В записке этой характерны и эта способность к "сумасшедшему" веселью наедине с природой и это желание сделать и других участниками своей радости. Однажды я тоже получил от него в конверте несколько "цветочков" — с Кавказа, причем изливались восторги от красот долины Риона и рекомендовалось такому-то отдать один из "цветочков", а такому-то дать только "понюхать". Но это жизнерадостное настроение посещало его все реже и реже, и даже в минуты веселья звенела в нем мрачная струна заботы и тревоги. Но неподражаемым мастером рассказов и вообще обаятельным собеседником он оставался всегда. Трудно выразить словами, что именно обаятельного было в его беседе. Назвать его человеком красноречивым отнюдь нельзя, искрящегося остроумия у него тоже не было. Случалось, что увлекаясь какою-нибудь мыслью далеко за пределы логической возможности, он говорил вещи, с которыми никаким образом нельзя было согласиться. И тем не менее слушать его было настоящим художественным наслаждением, не говоря уже о поучительности его беседы, благодаря его всегда оригинальной точке зрения.

Боюсь, что, упоминая о мастерстве его рассказов, я навожу читателей на параллель с покойным Горбуновым. Ничего подобного! И мало того: есть и не профессиональные рассказчики, славящиеся разговорным мастерством, способные десятки раз буква в букву, интонация в интонацию повторить один и тот же рассказ, оказать одну и ту же речь, выразить одну и ту же мысль; Успенский был на это решительно неспособен, он просто не мог повторяться. Разница еще в том, что подобные мастера устной беседы любят красоваться своим искусством и говорить в большом обществе. Успенский же развертывался только сам-друг или в среде близких, своих людей, а в большом и незнакомом обществе обыкновенно увядал. Для него было истинным мучением обращать на себя внимание, даже выходить на эстраду на литературных вечерах. Я помню уморительную сцену на литературном вечере в Москве, в доме В.А. Морозовой. Зал вмещал всего каких-нибудь 200 — 300 человек, и все это были горячие поклонники Глеба Ивановича (вечер имел частный характер).
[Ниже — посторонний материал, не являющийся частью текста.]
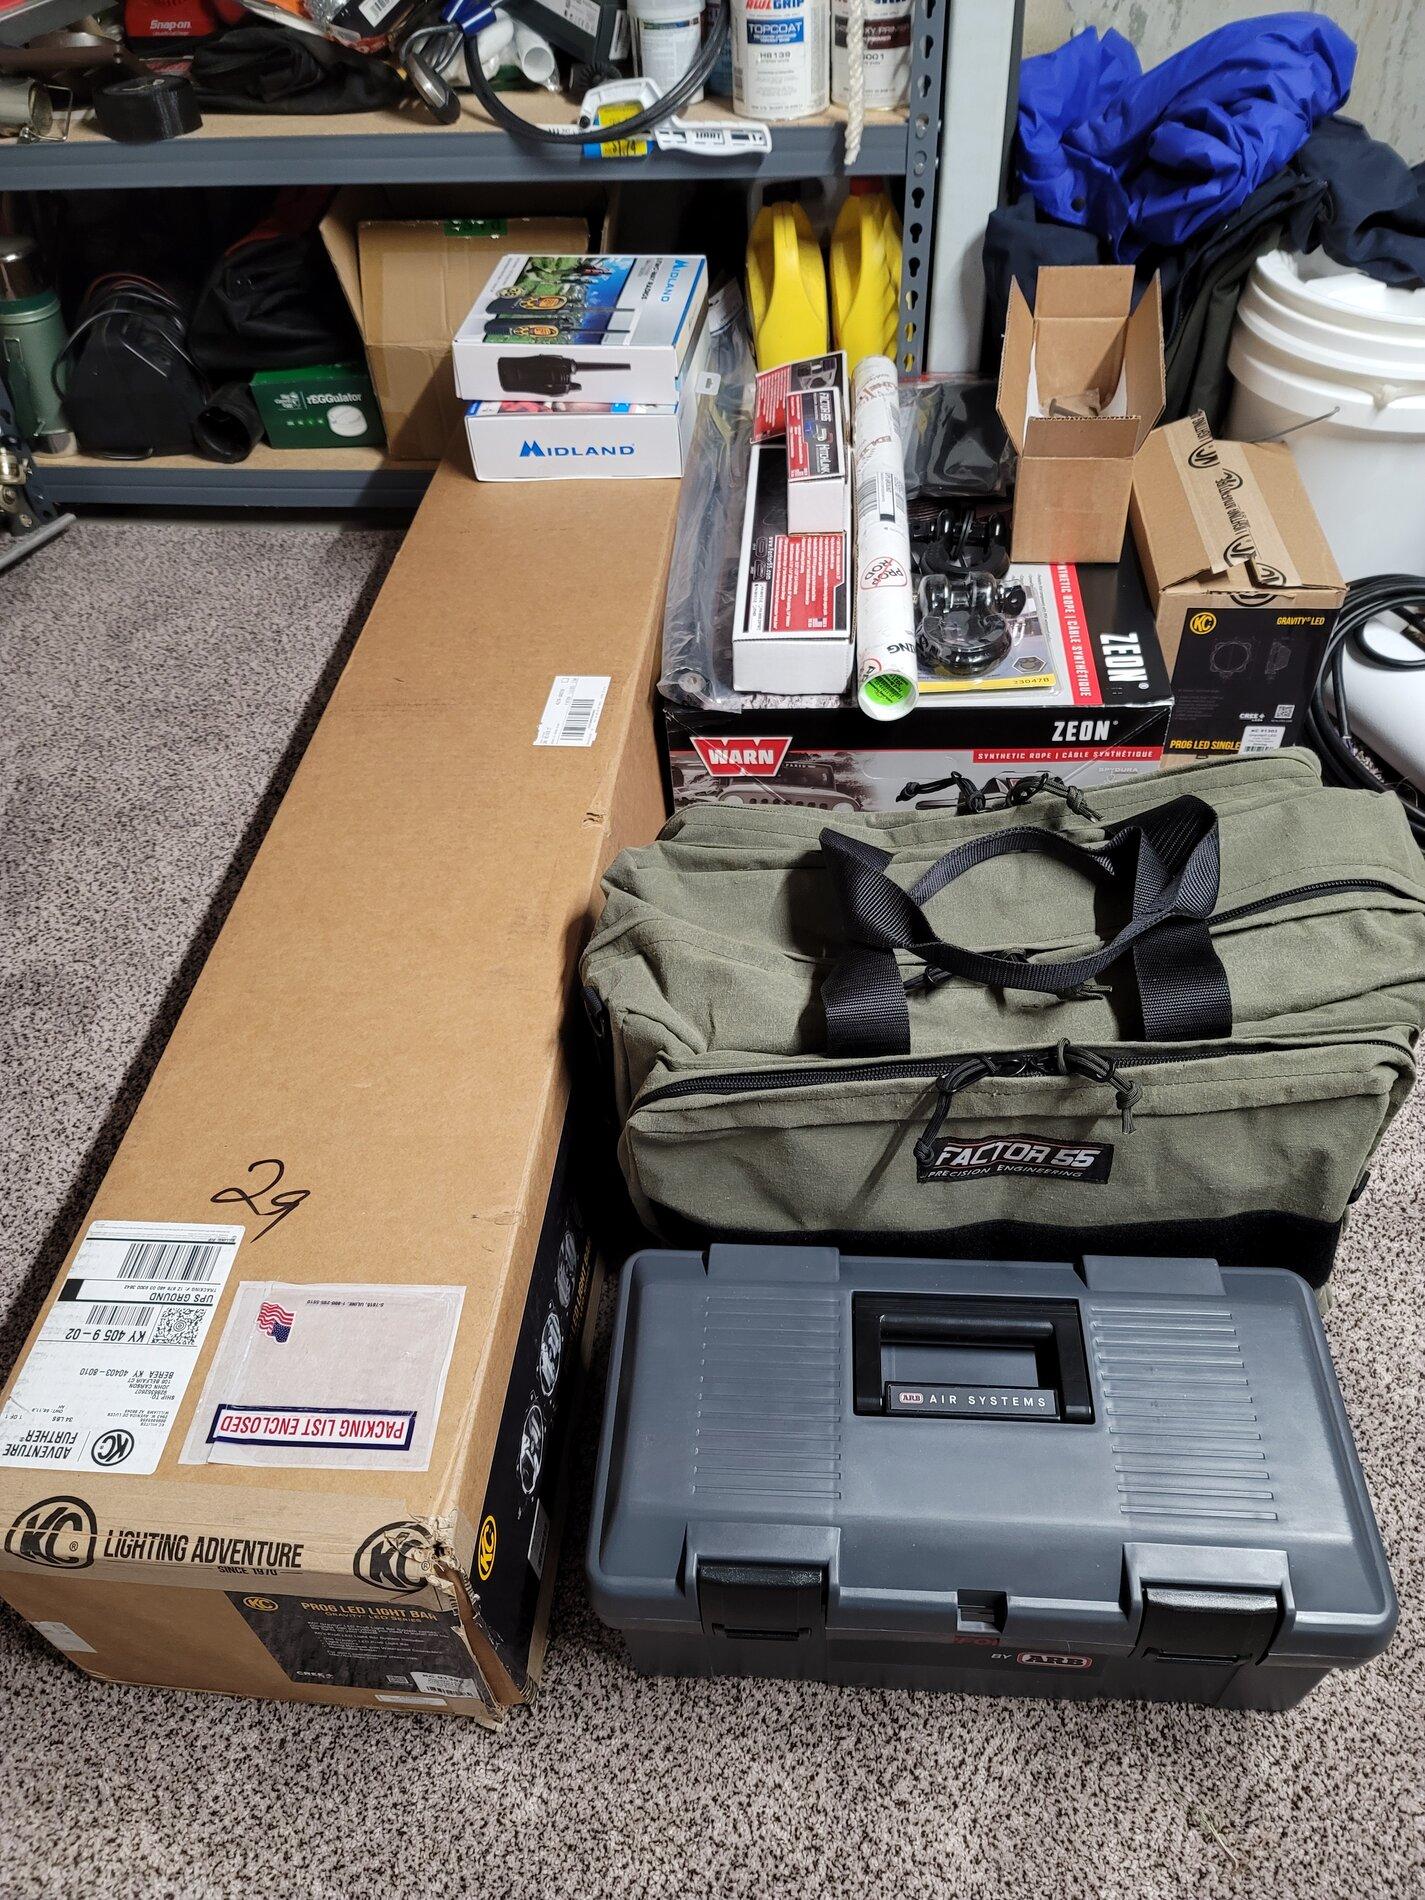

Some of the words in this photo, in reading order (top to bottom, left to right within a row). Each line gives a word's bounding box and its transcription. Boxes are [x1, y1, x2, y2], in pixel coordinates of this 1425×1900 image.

[150, 19, 191, 31] Snap-on
[748, 22, 803, 35] TOPCOAT
[661, 259, 689, 303] MIDLAND
[306, 392, 362, 405] rEGGulator
[519, 440, 635, 458] MIDLAND
[1063, 594, 1075, 614] ROPE
[1190, 612, 1217, 634] KC
[1311, 616, 1325, 626] LED
[1100, 632, 1148, 682] ZEON
[1052, 720, 1110, 742] ZEON
[1170, 740, 1192, 749] PRO6
[1193, 740, 1210, 749] LED
[1211, 740, 1241, 750] SINGLE
[708, 749, 774, 765] WARN
[978, 752, 1026, 760] SYNTHETIC
[1029, 752, 1051, 760] ROPE
[934, 1141, 1053, 1168] FACTOR
[1050, 1149, 1102, 1168] 55
[927, 1167, 992, 1178] PRECISION
[997, 1164, 1084, 1179] ENGINEERING
[149, 1292, 192, 1302] GROUND
[194, 1294, 214, 1303] UPS
[104, 1329, 126, 1342] 405
[128, 1330, 147, 1343] KY
[133, 1370, 144, 1378] KY
[149, 1371, 175, 1379] BEREA
[902, 1394, 922, 1402] ARB
[929, 1394, 957, 1404] AIR
[968, 1395, 1047, 1408] SYSTEMS
[219, 1415, 301, 1436] ENCLOSED
[300, 1418, 336, 1438] LIST
[338, 1419, 405, 1439] PACKING
[25, 1429, 79, 1445] FURTHER
[3, 1443, 73, 1460] ADVENTURE
[97, 1434, 129, 1463] KC
[20, 1505, 83, 1565] KC
[103, 1529, 190, 1563] LIGHTING
[190, 1536, 305, 1568] ADVENTURE
[217, 1565, 250, 1576] SINCE
[340, 1604, 366, 1616] LED
[368, 1607, 407, 1619] LIGHT
[409, 1609, 439, 1622] BAR
[1025, 1654, 1085, 1667] ARB
Его встретили градом аплодисментов, а он, претерпев их, раскрыл книгу и постоял несколько секунд молча, потом закрыл книгу и молча же сошел с эстрады. Или, например, вот как он описывал мне в письме из Парижа один литературный вечер, в котором он должен был, по первоначальному плану, принимать участие:

"Тут был литературно-музыкальный вечер в "салонах" m-me Вьярдо. Кроткий Николай Степанович (Курочкин) вдруг превратился в льва, когда читал свои стихи. Вот человек, который менее всего может изобразить на лице своем гнев. А надо было изобразить. Я взглянул на него из-за двери, когда он читал, — и ужаснулся. Н.С. ощетинился на общество и кричал что-то очень сердито. Тургенев прочел мой рассказ "Ходоки", и прочел превосходно. Я не присутствовал на чтении, но присутствовал на приготовлении к чтению. Тургенев прорепетировал этот рассказ раз 7 — 8, изучил, где каким голосом, как и что до мельчайших подробностей. Ох, и фокусники же эти сороковые годы! У m-me Вьярдо голосу нет, но уменье петь действительно поражает. Публика была блестящая, и посланник Орлов улыбался Николаю Степановичу благосклонно, когда тот проклинал в своих стихотворениях человечество.
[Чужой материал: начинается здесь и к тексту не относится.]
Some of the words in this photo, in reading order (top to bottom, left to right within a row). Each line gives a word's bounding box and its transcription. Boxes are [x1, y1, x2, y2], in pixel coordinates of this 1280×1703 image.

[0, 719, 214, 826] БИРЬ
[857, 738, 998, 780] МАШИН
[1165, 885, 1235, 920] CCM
" — Где вы были? — в необыкновенной тревоге (все это совершалось с ужасно озабоченным видом и с действительной тревогой) обратился ко мне Иван Сергеевич, — вы имели успех! вас зовет публика! Где вы пропали? Я вас хотел вывести! Ведь вас звала публика! и т.д.

"Вычеркните это! А то княгиня Т. будет недовольна!" — "А Мерена можно оставить?" — "О, это оставьте". — Вообще оставляли всякое свинство, а вычеркивали "неприятное".

Надо заметить, что большое общество, толпу, Глеб Иванович любил, но под условием быть самому в ней незаметным, не обращать на себя внимания. Г-же N он писал из Перми в 1884 году: "До чего трудно жить на свете, имея "известность", — просто ужасно: слова не добьешься человеческого, все говорят как с литератором.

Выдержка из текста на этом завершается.